Many who venture out on a bicycle are soon reminded by an impatient motorist that she’s in the way and doesn’t belong there. “Danger” is an all-too-frequent reason given in surveys for not bicycling.
Wide travel lanes and multi-lane roads exert a nearly irresistible influence over a motorist. Even motorists who are not inclined to drive fast creep up to highway speeds. Amplifying this problem: large numbers of drug- or alcohol-impaired drivers, sleep-deprived drivers, and time-starved drivers. These factors are a dangerous mix, as they induce a great deal of high-speed, inattentive, reckless driving.
Making a street “safer” too often tends to increase vehicle speeds, which makes the streets less safe. One result: a disproportionate number of serious injuries and deaths in Boulder are suffered by pedestrians and bicyclists. About 40 percent of all children killed in motor vehicle crashes are killed while walking or riding a bicycle.
Measured by “years of life lost,” motor vehicles fatalities rank third. Since 1930 (!), over 30,000 Americans die in motor vehicle crashes annually.
Motorists are more likely to collide with pedestrians at higher speeds. At 60 miles per hour, the field of vision of the motorist is two-thirds less than at 30 miles per hour. In addition, the probability of a pedestrian being killed is only 3.5 percent when a vehicle is traveling at 15 miles per hour, but jumps to 37 percent at 31 miles per hour and 83 percent at 44 miles per hour.
Roadway geometry in safety-sensitive areas, such as schools, needs to keep speeds near 20 miles per hour.
Portland finds that traffic circles are most effective when constructed in a series. They are sometimes also located in the middle of the block. Circles reduce motor vehicle speeds. Circles reduce crashes by 50 to 90 percent, when compared to two-way and four-way stop signs and traffic signals, by reducing the number of conflict points. Seattle likes circles so much that they were building about 30 circles each year a few decades ago.
Despite the conventional wisdom, stop signs do not affect overall speeds or control speeding. Posting lower speed limits and enforcing them is not sufficient to achieve needed reductions in speeding. Modest physical reconfiguration of streets is the only reliable and cost-effective way to slow and control inattentive speeding.
Calming helps reduce neighborhood noise pollution. From a distance of 48 feet, a car traveling at 56 miles per hour makes ten times more noise than a car traveling at 31 miles per hour. Reducing average speed from 25 miles per hour to 12 miles per hour reduces noise levels by 14 decibels (ten times quieter). At higher speeds, every 12 to 15 miles per hour in speed increases results in a 4 to 5 decibel noise increase.

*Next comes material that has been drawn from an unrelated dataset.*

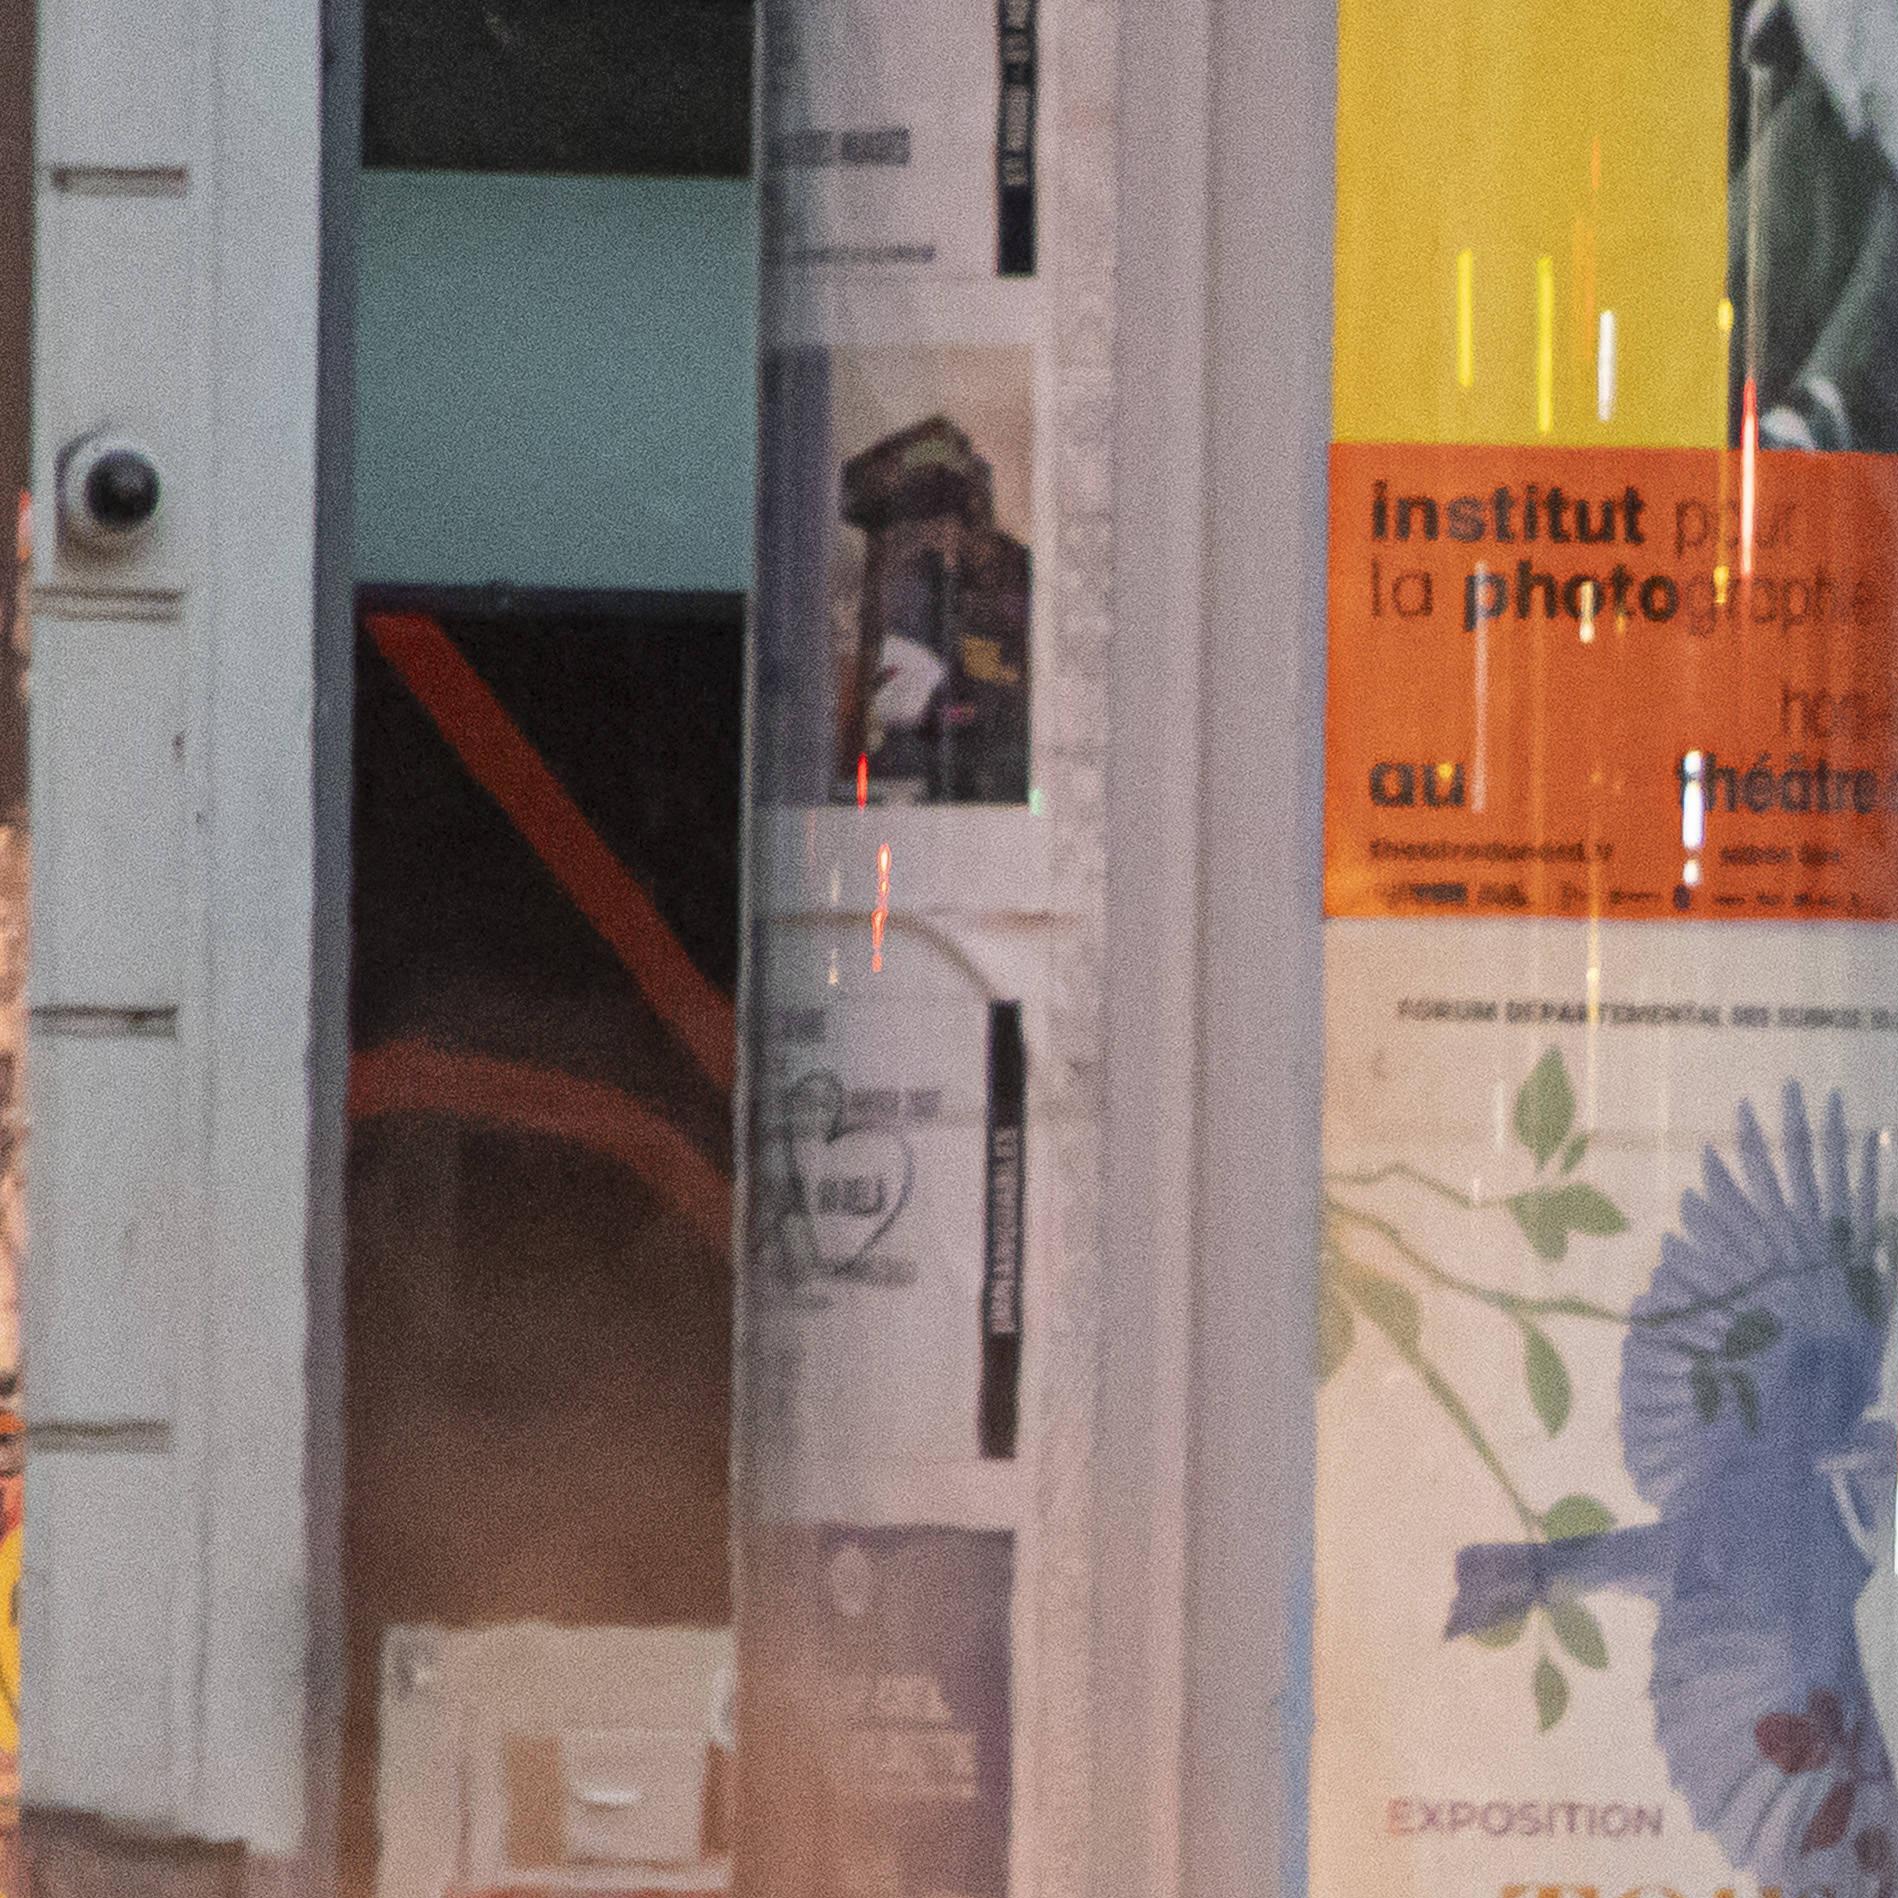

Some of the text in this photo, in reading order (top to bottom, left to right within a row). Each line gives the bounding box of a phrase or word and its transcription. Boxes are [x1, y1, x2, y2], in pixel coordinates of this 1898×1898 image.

The Federal Highway Administration (FHA) notes that the importance of reducing traffic speed cannot be overemphasized, and has stated that traffic calming is one of the more cost-effective ways to promote pedestrian and bicycle use in urban and suburban areas, where walking and bicycling are often hazardous and uncomfortable. And as for children, Stina Sandels, a world authority on children and road accidents, says that the best road safety education cannot adapt a child to modern traffic, so traffic must be adapted to the child.
Fortunately, there are effective street design tactics to substantially increase road safety, and these methods can be deployed without significantly slowing emergency vehicle response times.

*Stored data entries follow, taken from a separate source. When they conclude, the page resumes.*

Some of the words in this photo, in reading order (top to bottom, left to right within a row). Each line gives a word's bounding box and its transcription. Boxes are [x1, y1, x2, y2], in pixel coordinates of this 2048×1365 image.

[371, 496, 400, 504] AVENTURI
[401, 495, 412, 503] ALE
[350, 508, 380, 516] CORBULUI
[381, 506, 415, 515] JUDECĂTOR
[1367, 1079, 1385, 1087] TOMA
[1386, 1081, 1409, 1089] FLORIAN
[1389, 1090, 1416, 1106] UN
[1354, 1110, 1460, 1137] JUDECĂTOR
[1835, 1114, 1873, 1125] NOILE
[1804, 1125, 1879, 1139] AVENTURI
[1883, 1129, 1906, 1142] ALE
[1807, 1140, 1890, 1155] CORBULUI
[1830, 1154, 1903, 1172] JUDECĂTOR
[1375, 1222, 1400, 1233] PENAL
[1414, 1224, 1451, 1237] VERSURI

I urge Council to restore funding for neighborhood traffic calming (by adding new dollars rather than shifting existing dollars from the current city transportation budget). Since the City does not have the authority to introduce safe, speed-slowing designs on larger state roads, I urge Council to lobby the State legislature to give Boulder the authority to do so, as well as to stiffen penalties for driving infractions.
I also recommend more compact development in appropriate locations, sponsoring a transportation safety speaker series, and more street connectivity.
We have a duty to make Boulder streets much safer. Let us not delay doing so.